Heart recipient plans to attend memorial car show

Charles Connor of Pine Bluff is shown with Marta Davis, who assisted during his heart-transplant operation in 2013 at Baptist Medical Center in Little Rock. They had a chance meeting in August at the Dallas airport. Connor received Conway Police Officer Will McGary’s heart.
Charles Connor of Pine Bluff is shown with Marta Davis, who assisted during his heart-transplant operation in 2013 at Baptist Medical Center in Little Rock. They had a chance meeting in August at the Dallas airport. Connor received Conway Police Officer Will McGary’s heart.

PINE BLUFF — Conway Police Officer Will McGary died Feb. 1, 2013; two days later, he saved Charles Connor’s life.

The 63-year-old Pine Bluff man had congestive heart failure when he received McGary’s 26-year-old heart.

“I’m good wholly because of William McGary,” Connor said.

Connor had heart function of 10 percent and went on the heart-transplant list Feb. 1, the day McGary died of his injuries. The Searcy native was directing traffic at an intersection on Jan. 31, 2013, in Conway when he was hit by an impaired driver.

Connor said he went into surgery Feb. 2, 2013, at Baptist Medical Center in Little Rock and came out of the operation on Feb. 3.

“I feel alive; I had no quality of life till that surgery,” Connor said. “Everything that was wrong with me was gone overnight,” including renal failure.

He wrote a letter to McGary’s parents, Tonya and Harold McGary of Searcy, a year after his surgery, asking to meet them. They met for the first time in Little Rock in 2014. Conway police officers were there, as well.

“I did well with momma and the policeman, but with Grandma, she wanted to lay her head on there [his chest], and that was the most emotional part,” Connor said.

Connor said he has twice attended the annual Officer Will McGary Memorial Car Show in Searcy, the biggest fundraiser for the memorial foundation. It previously was held at Valley Baptist Church, where the McGarys are members and Will grew up.

This year’s car show is scheduled for 9 a.m. to 2 p.m. Sept. 28 at a different venue, on Spring and Pleasure streets during Searcy’s Get Down Downtown festival.

“He liked trucks, and he liked to race,” Tonya said.

Connor said he hopes to make it to this year’s car show, too.

Tonya said her son donated his heart and kidneys, and she knows all three donors.

“We are very blessed — fewer than 10 percent of organ donors know who their recipients are,” Tonya said. “Will had a huge heart, so to be able to be on the church grounds where Will gave his heart to the Lord and for his recipient to be there, yeah, has really touched our hearts. Hearing his [Will’s] heart for the first time was amazing.”

Connor, a father of four grown children, said it is emotional every time he meets the McGary family, no matter how much time passes.

“You can’t take anything like that for granted, ever. That was a gift from God,” Connor said.

A retired lineman for Entergy, said he was in the Dallas airport a couple of weeks ago on his way to Kansas City to the retirement party of a friend who also was a lineman.

A woman in line behind him happened to be talking about someone who had undergone a heart transplant.
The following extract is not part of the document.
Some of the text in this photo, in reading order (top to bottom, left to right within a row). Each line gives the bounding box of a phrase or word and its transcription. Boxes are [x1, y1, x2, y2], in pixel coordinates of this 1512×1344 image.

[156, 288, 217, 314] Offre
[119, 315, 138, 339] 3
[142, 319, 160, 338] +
Connor told her that he also was a heart recipient.

Then, a woman standing in front of Connor asked when and where he had his transplant. He told her, and she immediately said: “William McGary.”
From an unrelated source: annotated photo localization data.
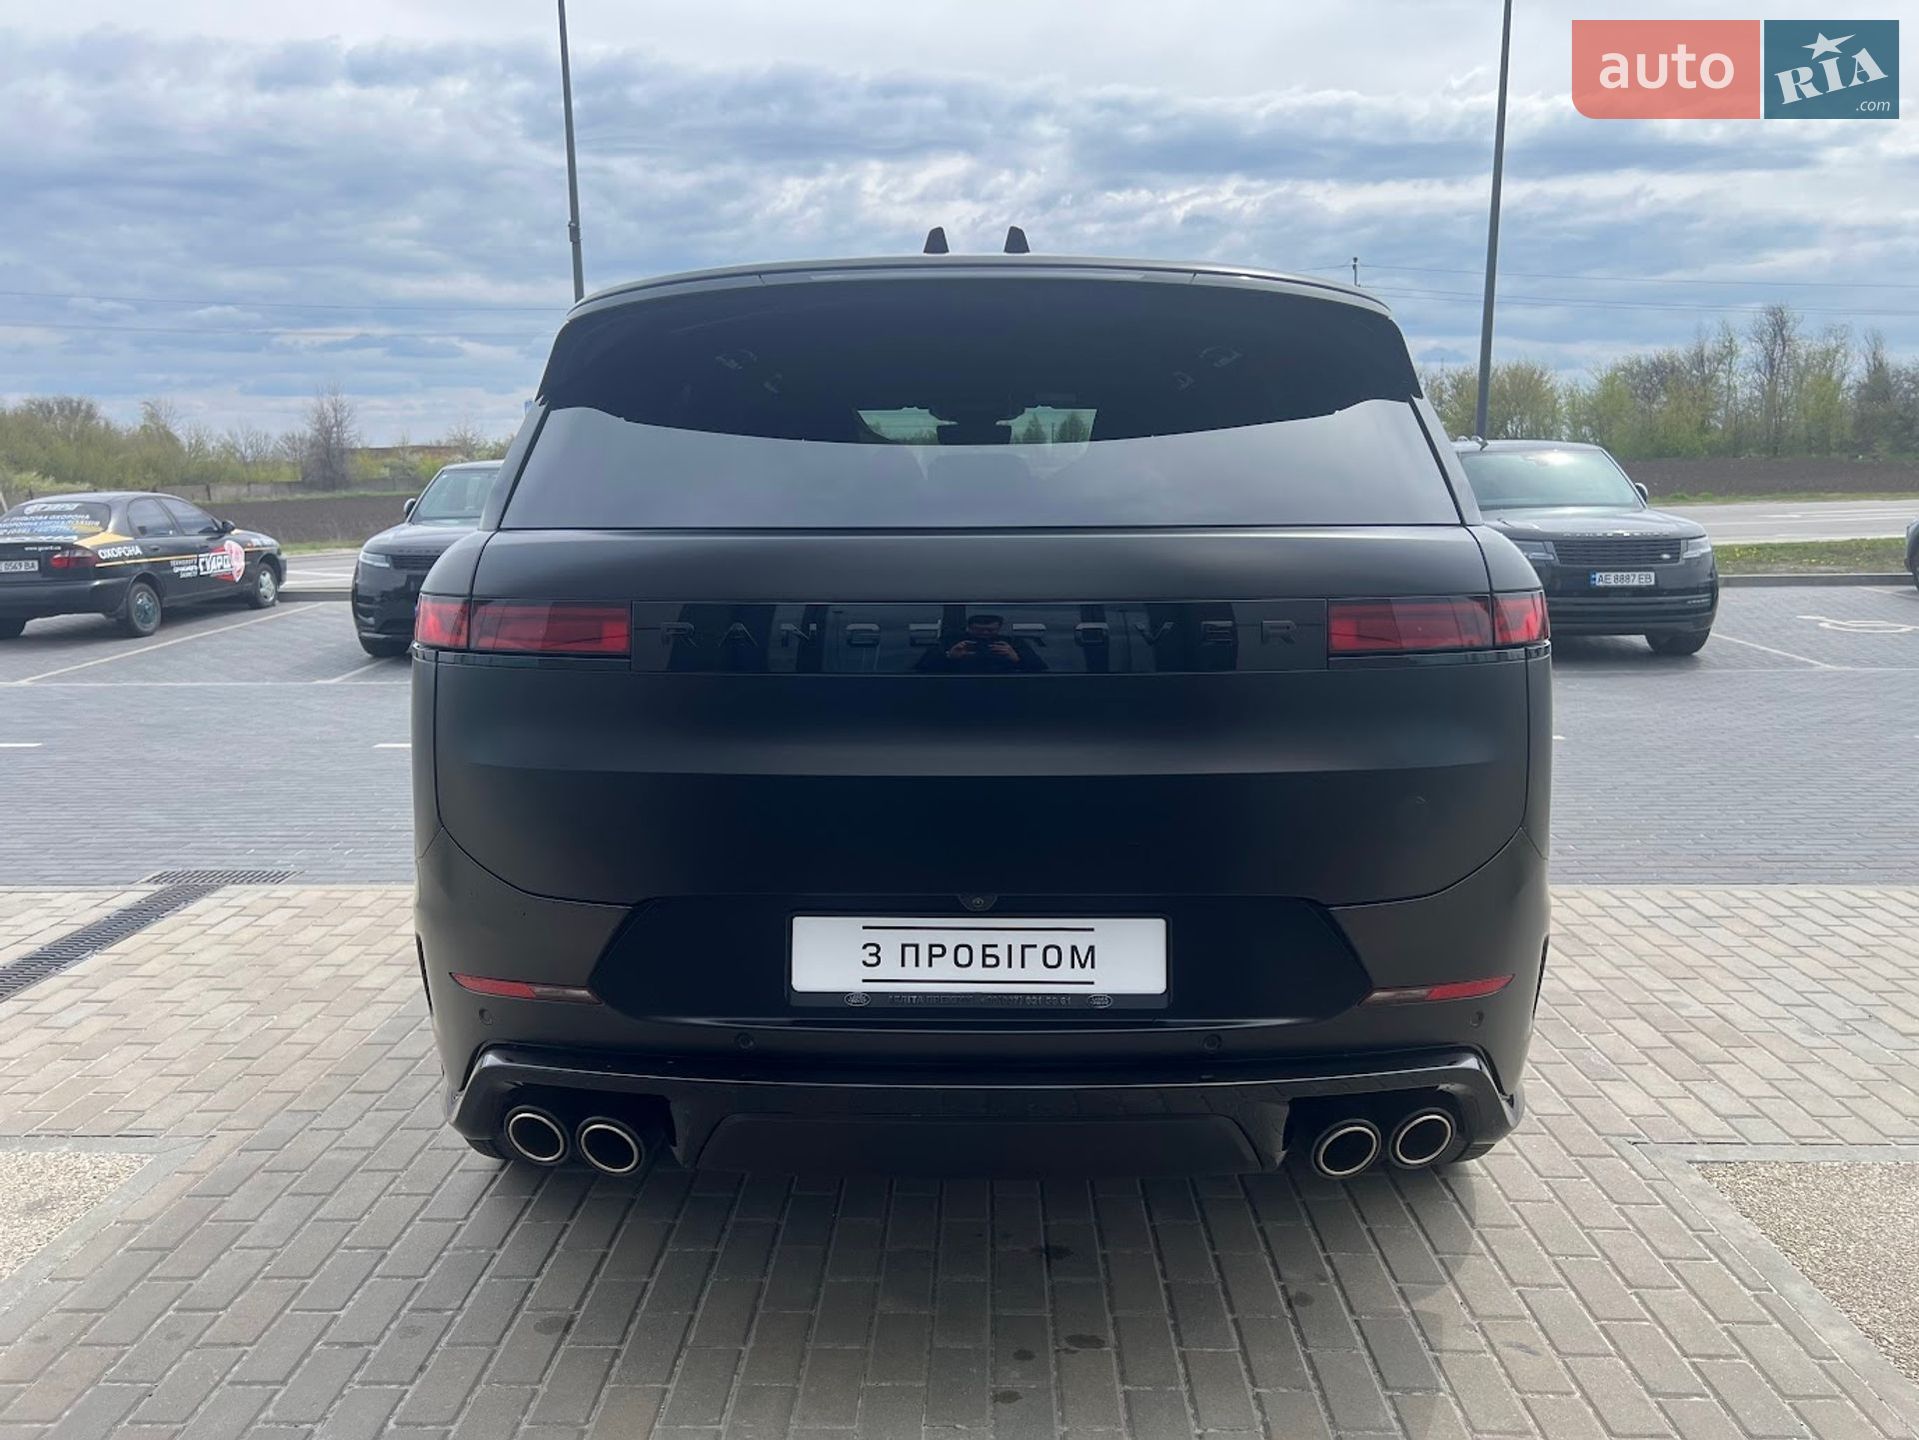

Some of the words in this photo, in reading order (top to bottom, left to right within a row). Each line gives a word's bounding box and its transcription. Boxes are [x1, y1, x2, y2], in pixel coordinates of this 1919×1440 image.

[98, 545, 142, 560] ОХОРОНА
[660, 619, 943, 647] RANGE
[1012, 619, 1299, 647] ROVER
[861, 942, 882, 968] З
[900, 942, 1096, 970] ПРОБІГОМ
The woman, Marta Davis, is a

cardiothoracic surgical first assistant. She assisted in his transplant surgery.

“It was a beautiful heart. I will never forget the feeling when I held it,” she said.Connor was stunned. “Wow. It was like, ‘How did this happen?’ She said she’d never met one of her transplant recipients,” Connor said. He said he, Davis and her husband went to breakfast to talk.

Tonya said she often hears stories about her son. “I’m telling you, Will’s legacy is unbelievable and how it spreads. Every week, someone says something about Will,” she said.

Connor said he went for a six-month checkup recently with his cardiologist, who said Connor’s heart is still doing great.

“He said, ‘It’s running like a Ferrari,’” Connor said with a laugh.

Tonya said her son would appreciate that description.

Connor said he has become friends with the McGary family and connects with them on Facebook. He said Tonya wishes him a happy birthday every January and sees photos of his grandchildren.

“They are the sweetest people; they really are,” Connor said.

It’s a good life, Connor said, and one he owes to a young man whose heart he’ll carry forever.